(Dataset records)
******

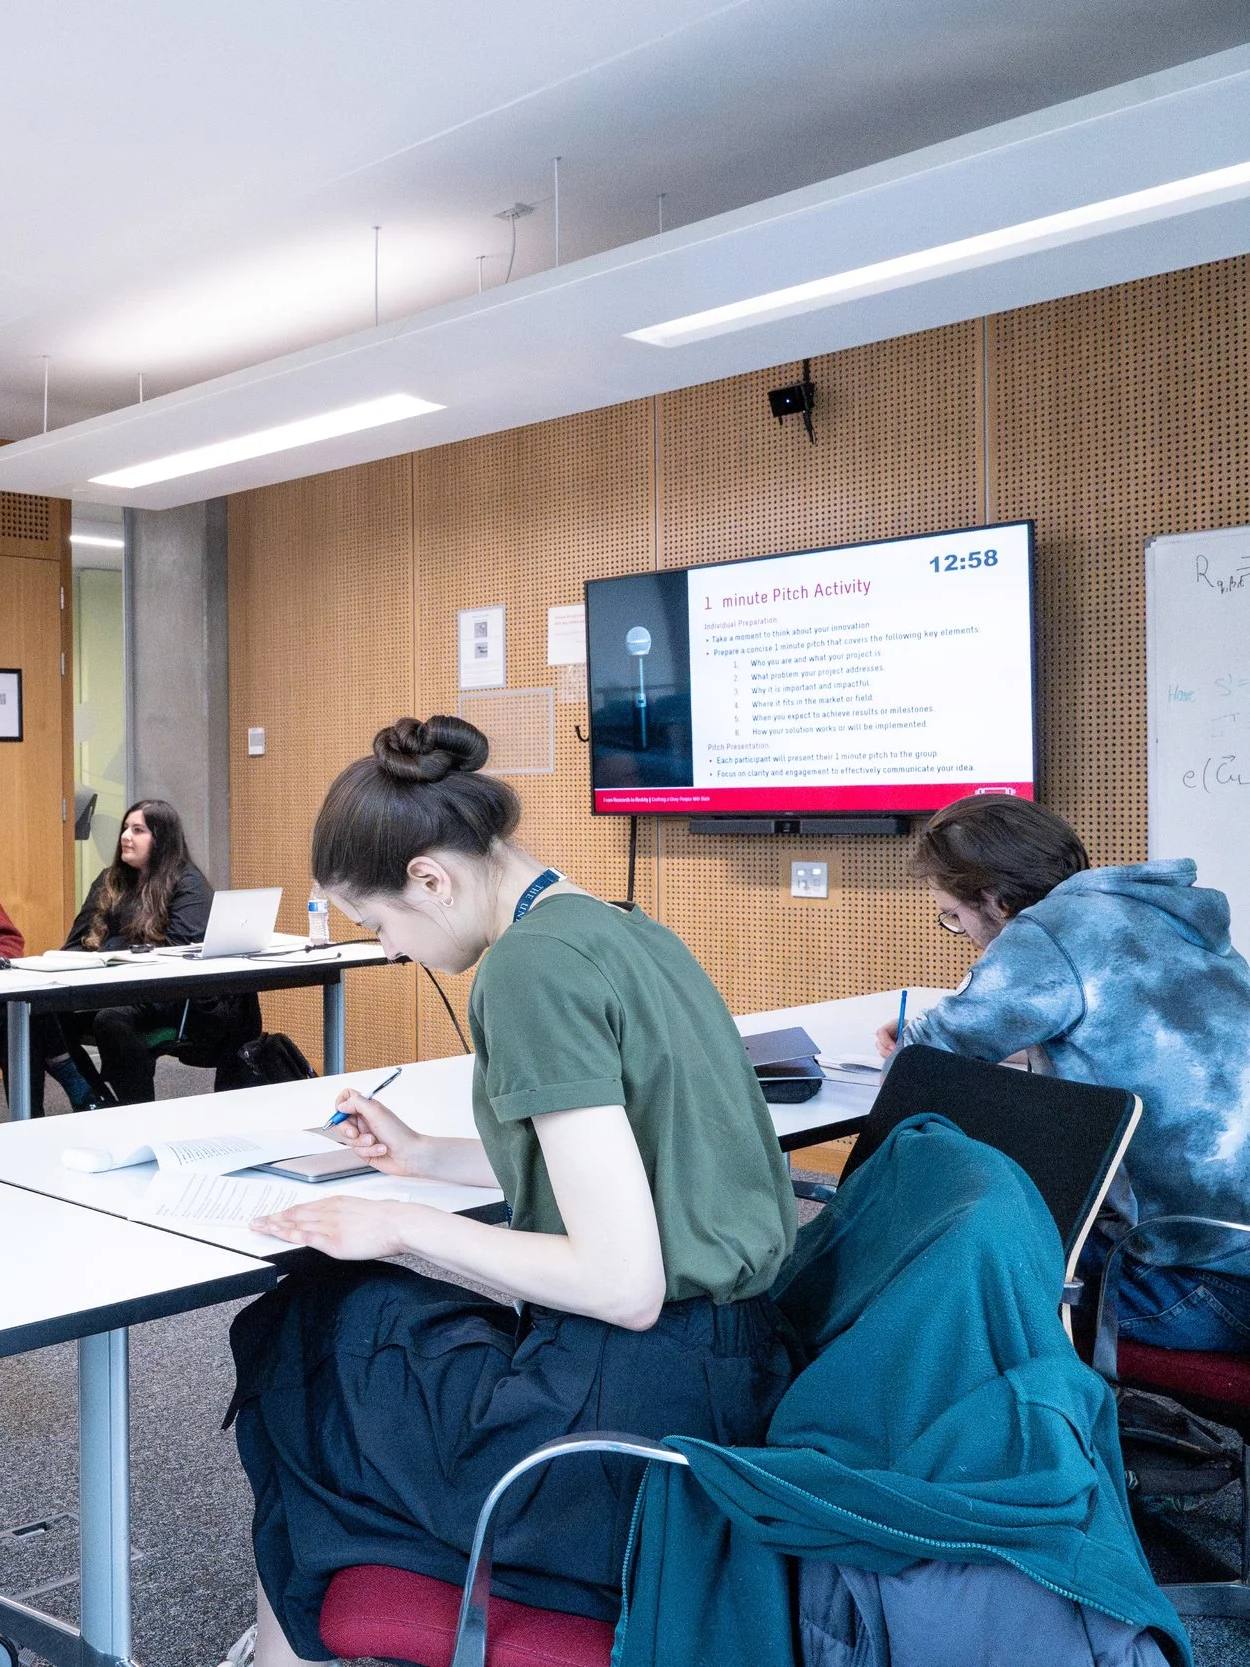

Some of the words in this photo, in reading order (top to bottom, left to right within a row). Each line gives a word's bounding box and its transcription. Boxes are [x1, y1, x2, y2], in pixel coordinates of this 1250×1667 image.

[929, 549, 999, 573] 12:58
[704, 597, 712, 610] 1
[722, 592, 768, 608] minute
[773, 585, 808, 603] Pitch
[814, 578, 872, 598] Activity
[704, 621, 737, 630] Individual
[712, 635, 727, 643] Take
[734, 633, 762, 641] moment
[772, 628, 790, 637] think
[792, 627, 812, 636] about
[814, 626, 829, 635] your
[831, 621, 870, 632] innovation
[713, 648, 739, 657] Prepare
[746, 645, 772, 654] concise
[774, 643, 779, 651] 1
[780, 641, 805, 650] minute
[806, 639, 826, 650] pitch
[827, 638, 842, 646] that
[844, 636, 868, 645] covers
[885, 630, 922, 641] following
[924, 629, 938, 638] key
[750, 659, 766, 667] Who
[767, 659, 780, 668] you
[809, 654, 827, 662] what
[828, 652, 844, 662] your
[846, 650, 873, 660] project
[751, 672, 769, 681] What
[770, 671, 799, 681] problem
[801, 669, 816, 678] your
[818, 667, 844, 677] project
[751, 686, 767, 695] Why
[767, 684, 773, 693] it
[782, 682, 817, 693] important
[752, 700, 774, 708] Where
[775, 699, 781, 707] it
[782, 698, 794, 707] fits
[796, 698, 803, 706] in
[804, 697, 816, 705] the
[818, 695, 844, 704] market
[752, 714, 772, 722] When
[773, 714, 786, 723] you
[787, 711, 811, 721] expect
[812, 711, 821, 719] to
[821, 709, 851, 718] achieve
[852, 707, 879, 717] results
[752, 728, 768, 736] How
[768, 728, 784, 737] your
[785, 725, 814, 735] solution
[815, 725, 837, 733] works
[847, 723, 862, 731] will
[863, 723, 873, 731] be
[707, 743, 725, 751] Pitch
[716, 756, 733, 764] Each
[734, 755, 771, 765] participant
[773, 755, 786, 763] will
[787, 754, 814, 764] present
[815, 753, 834, 761] their
[835, 752, 839, 760] 1
[841, 751, 867, 760] minute
[868, 751, 888, 760] pitch
[900, 750, 913, 758] the
[717, 769, 737, 778] Focus
[747, 767, 769, 778] clarity
[770, 768, 783, 776] and
[785, 767, 829, 778] engagement
[831, 767, 839, 775] to
[840, 765, 881, 776] effectively
[882, 765, 935, 774] communicate
[936, 765, 954, 774] your
[525, 884, 544, 900] THE

******

§ YOUR ASSIGNMENT: Provide a count of the lines in the data above that include the word "project", stating the number alone.

§ WORKED SOLUTION: 2